Work instruction:
Write out word for word the lines from the one holding "this 1600×900 image." through the end of the data, and only those lines. Pictures stay out.

Collected data
*** Block opens ***

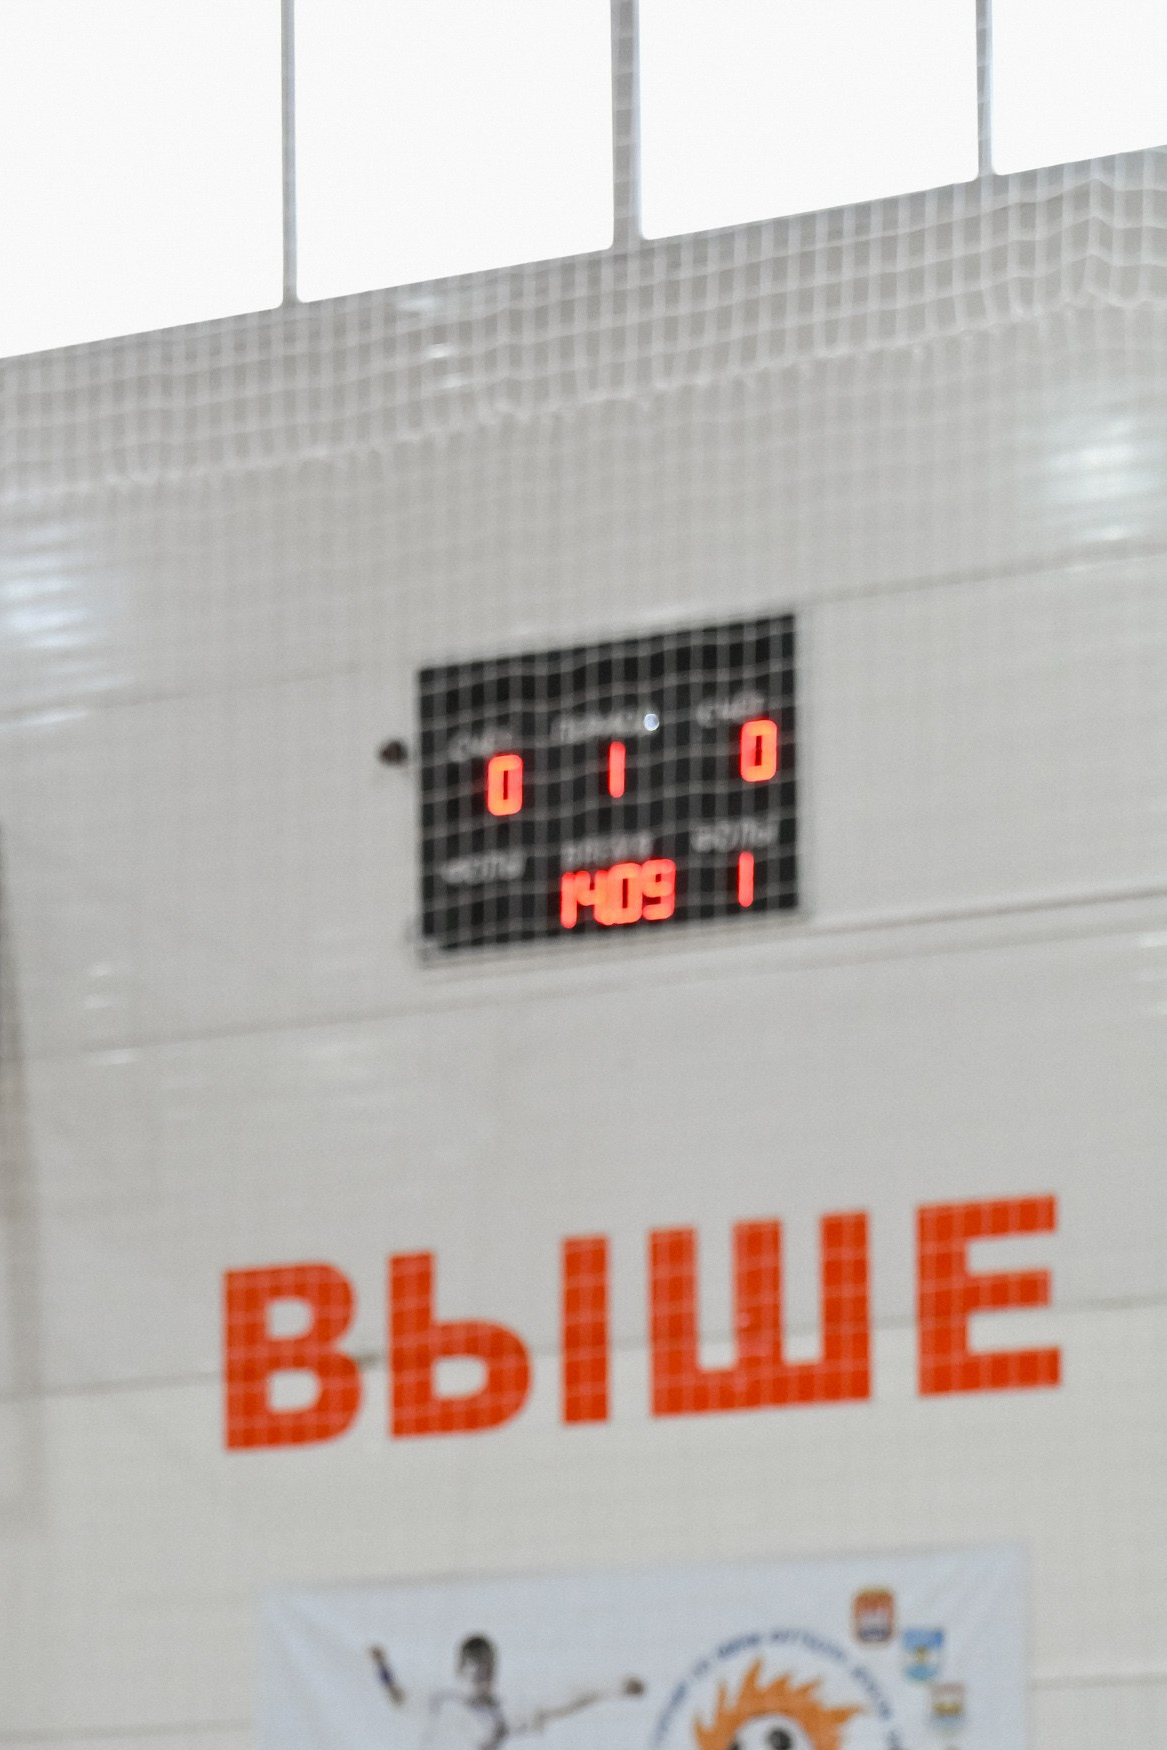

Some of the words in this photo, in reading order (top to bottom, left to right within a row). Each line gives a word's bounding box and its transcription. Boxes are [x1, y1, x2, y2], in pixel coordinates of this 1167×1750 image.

[487, 754, 524, 817] 0
[740, 720, 778, 783] 0
[224, 1195, 1063, 1452] ВЫШЕ
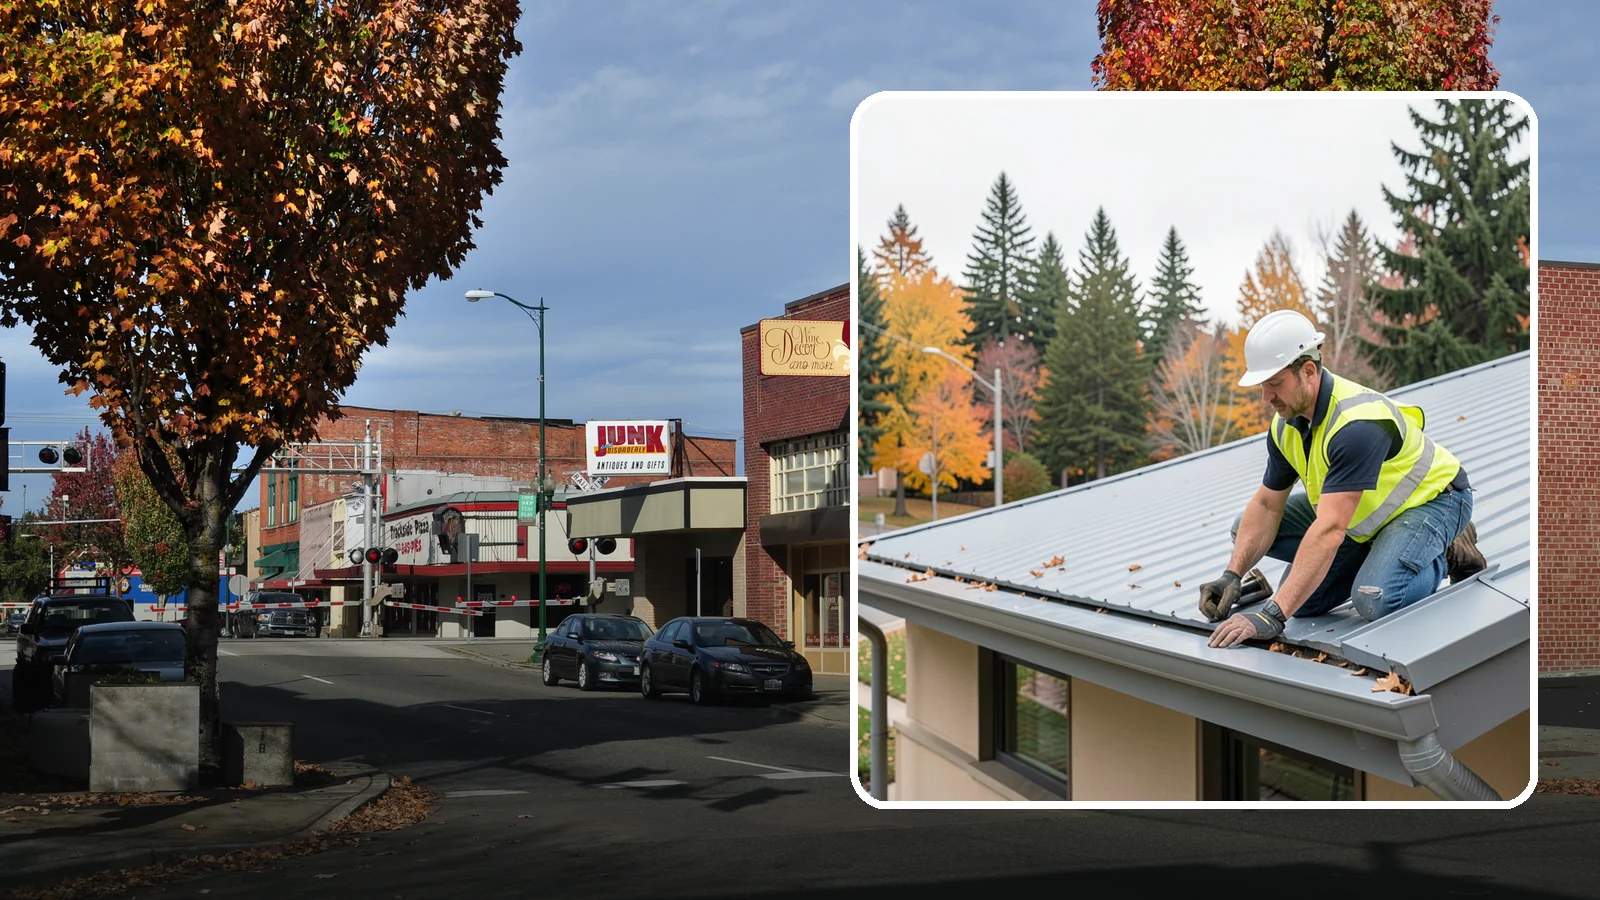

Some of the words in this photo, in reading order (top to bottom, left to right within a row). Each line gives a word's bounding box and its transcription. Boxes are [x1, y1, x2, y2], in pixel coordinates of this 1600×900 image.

[595, 425, 666, 457] JUNK
[607, 446, 646, 454] DISORDERLY
[596, 461, 628, 470] ANTIQUES
[631, 461, 644, 470] AND
[647, 460, 665, 469] GIFTS
[414, 519, 429, 534] Pizza
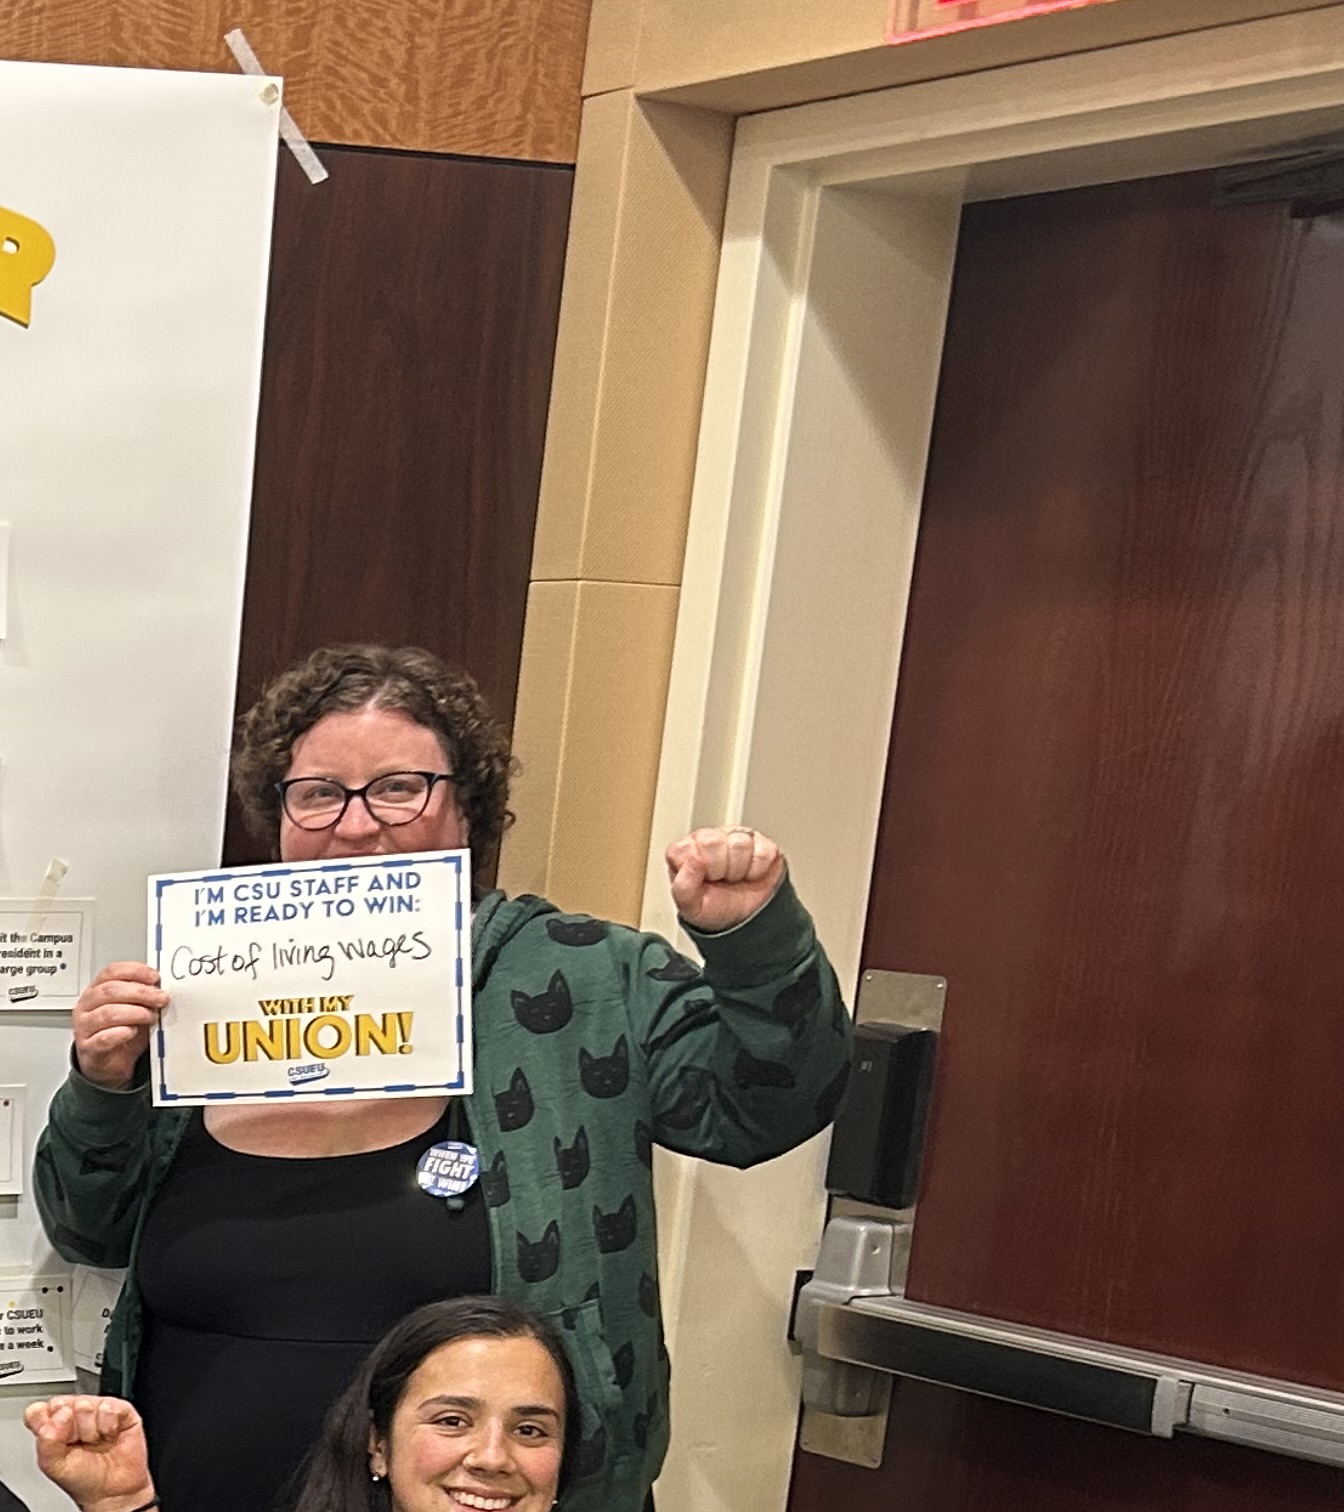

*** Block closes ***

Worked solution:
Some of the words in this photo, in reading order (top to bottom, left to right within a row). Each line gives a word's bounding box and its transcription. Boxes are [x1, y1, x2, y2], in pixel coordinates of this 1600×900 image.

[595, 425, 666, 457] JUNK
[607, 446, 646, 454] DISORDERLY
[596, 461, 628, 470] ANTIQUES
[631, 461, 644, 470] AND
[647, 460, 665, 469] GIFTS
[414, 519, 429, 534] Pizza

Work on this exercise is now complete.